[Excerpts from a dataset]
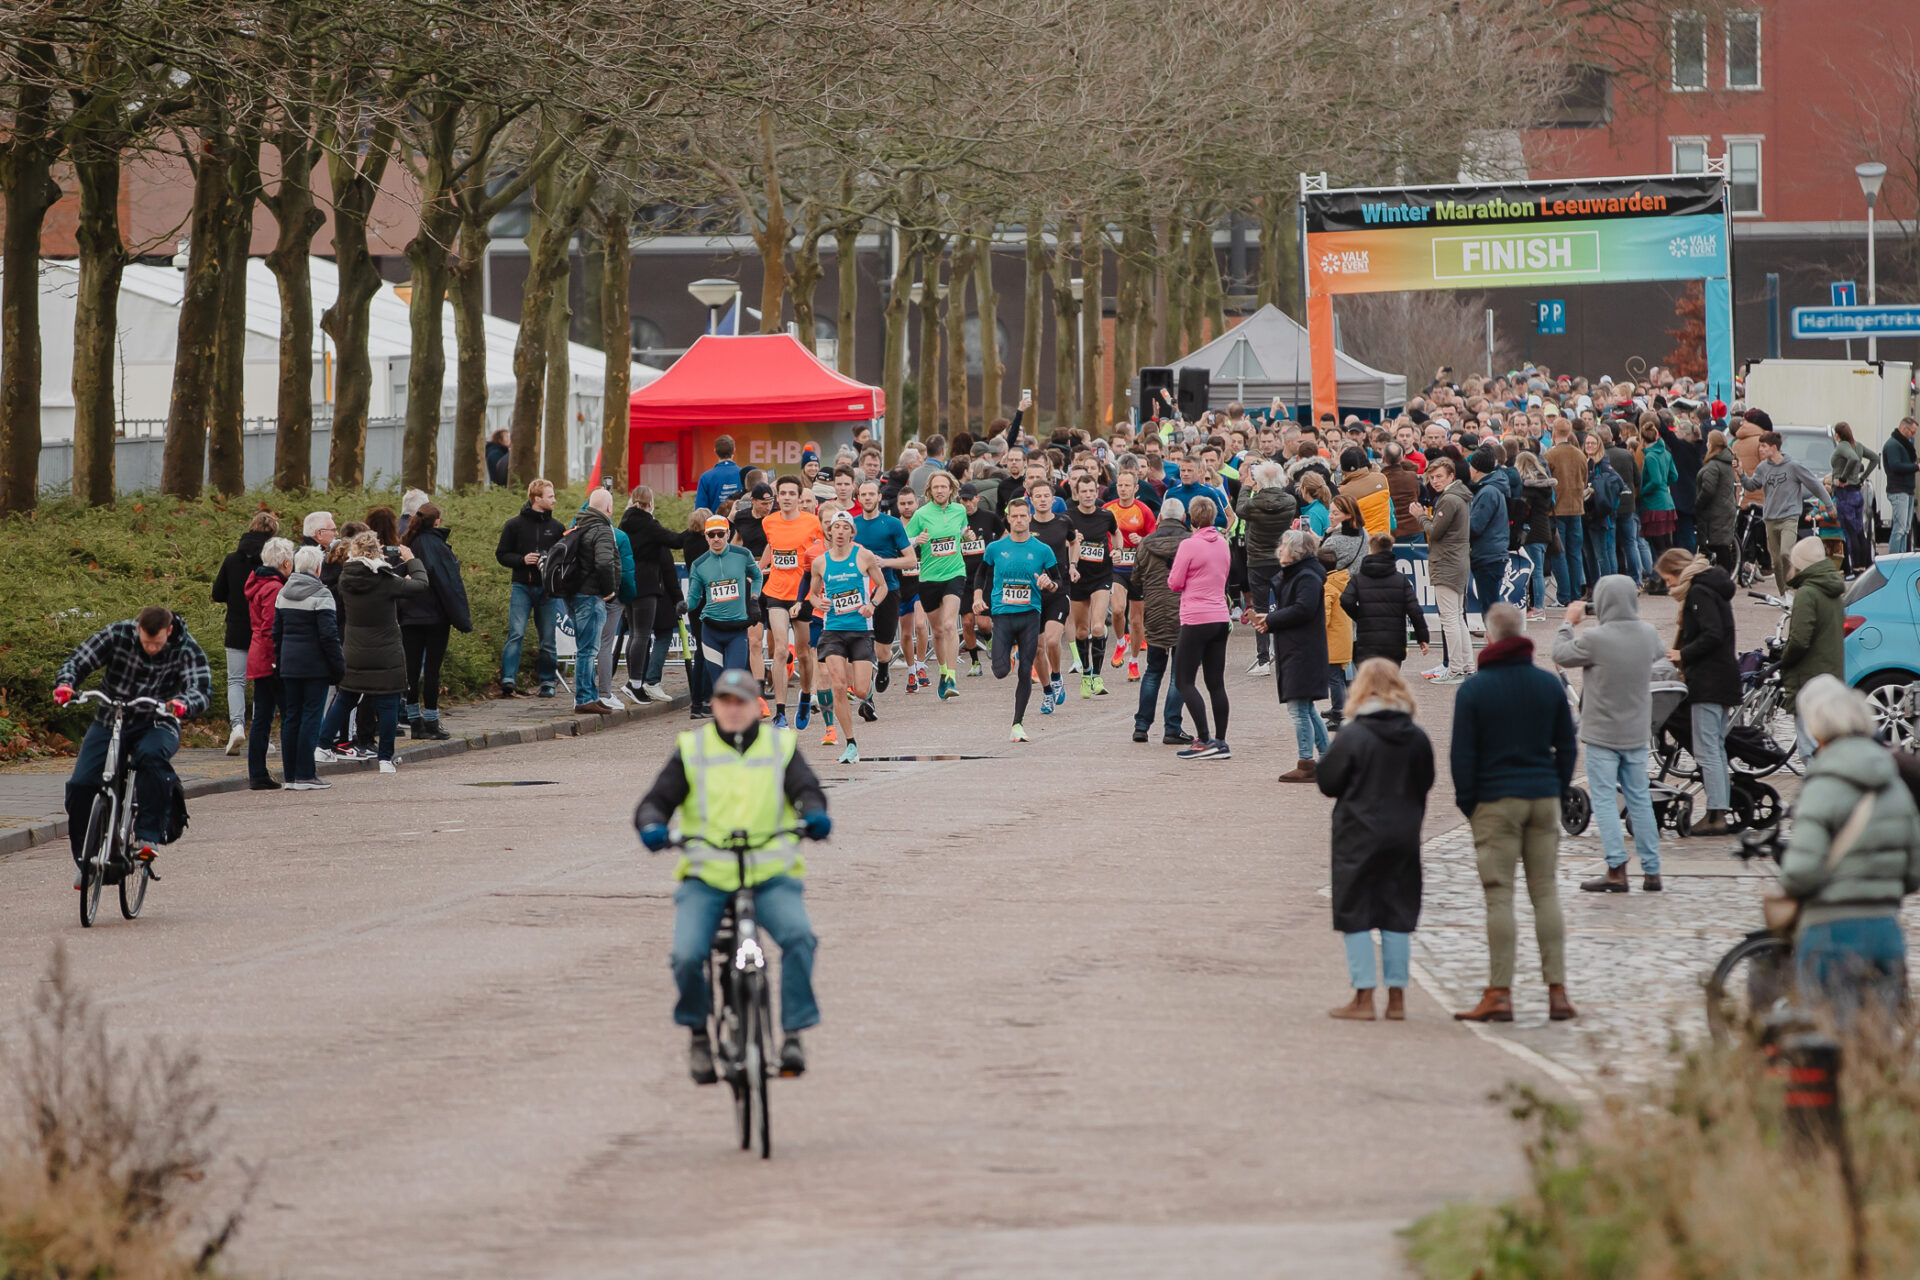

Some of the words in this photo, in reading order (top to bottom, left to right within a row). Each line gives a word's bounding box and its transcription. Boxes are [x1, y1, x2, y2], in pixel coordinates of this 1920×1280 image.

[1361, 202, 1430, 223] Winter
[1435, 197, 1535, 220] Marathon
[1540, 191, 1667, 216] Leeuwarden
[1690, 234, 1717, 246] VALK
[1462, 237, 1572, 271] FINISH
[1690, 244, 1717, 254] EVENT
[1341, 251, 1369, 262] VALK
[1342, 261, 1369, 271] EVENT
[932, 541, 955, 552] 2307
[962, 541, 983, 551] 4221
[1080, 546, 1103, 557] 2346
[773, 555, 796, 565] 2269
[712, 585, 737, 597] 4179
[1004, 589, 1029, 599] 4102
[835, 594, 860, 609] 4242

> [PROMPT] An exact reproduction of the data is required, with pictures excluded.

> [EXPECTED ANSWER]
Some of the words in this photo, in reading order (top to bottom, left to right within a row). Each line gives a word's bounding box and its transcription. Boxes are [x1, y1, x2, y2], in pixel coordinates of this 1920×1280 image.

[1361, 202, 1430, 223] Winter
[1435, 197, 1535, 220] Marathon
[1540, 191, 1667, 216] Leeuwarden
[1690, 234, 1717, 246] VALK
[1462, 237, 1572, 271] FINISH
[1690, 244, 1717, 254] EVENT
[1341, 251, 1369, 262] VALK
[1342, 261, 1369, 271] EVENT
[932, 541, 955, 552] 2307
[962, 541, 983, 551] 4221
[1080, 546, 1103, 557] 2346
[773, 555, 796, 565] 2269
[712, 585, 737, 597] 4179
[1004, 589, 1029, 599] 4102
[835, 594, 860, 609] 4242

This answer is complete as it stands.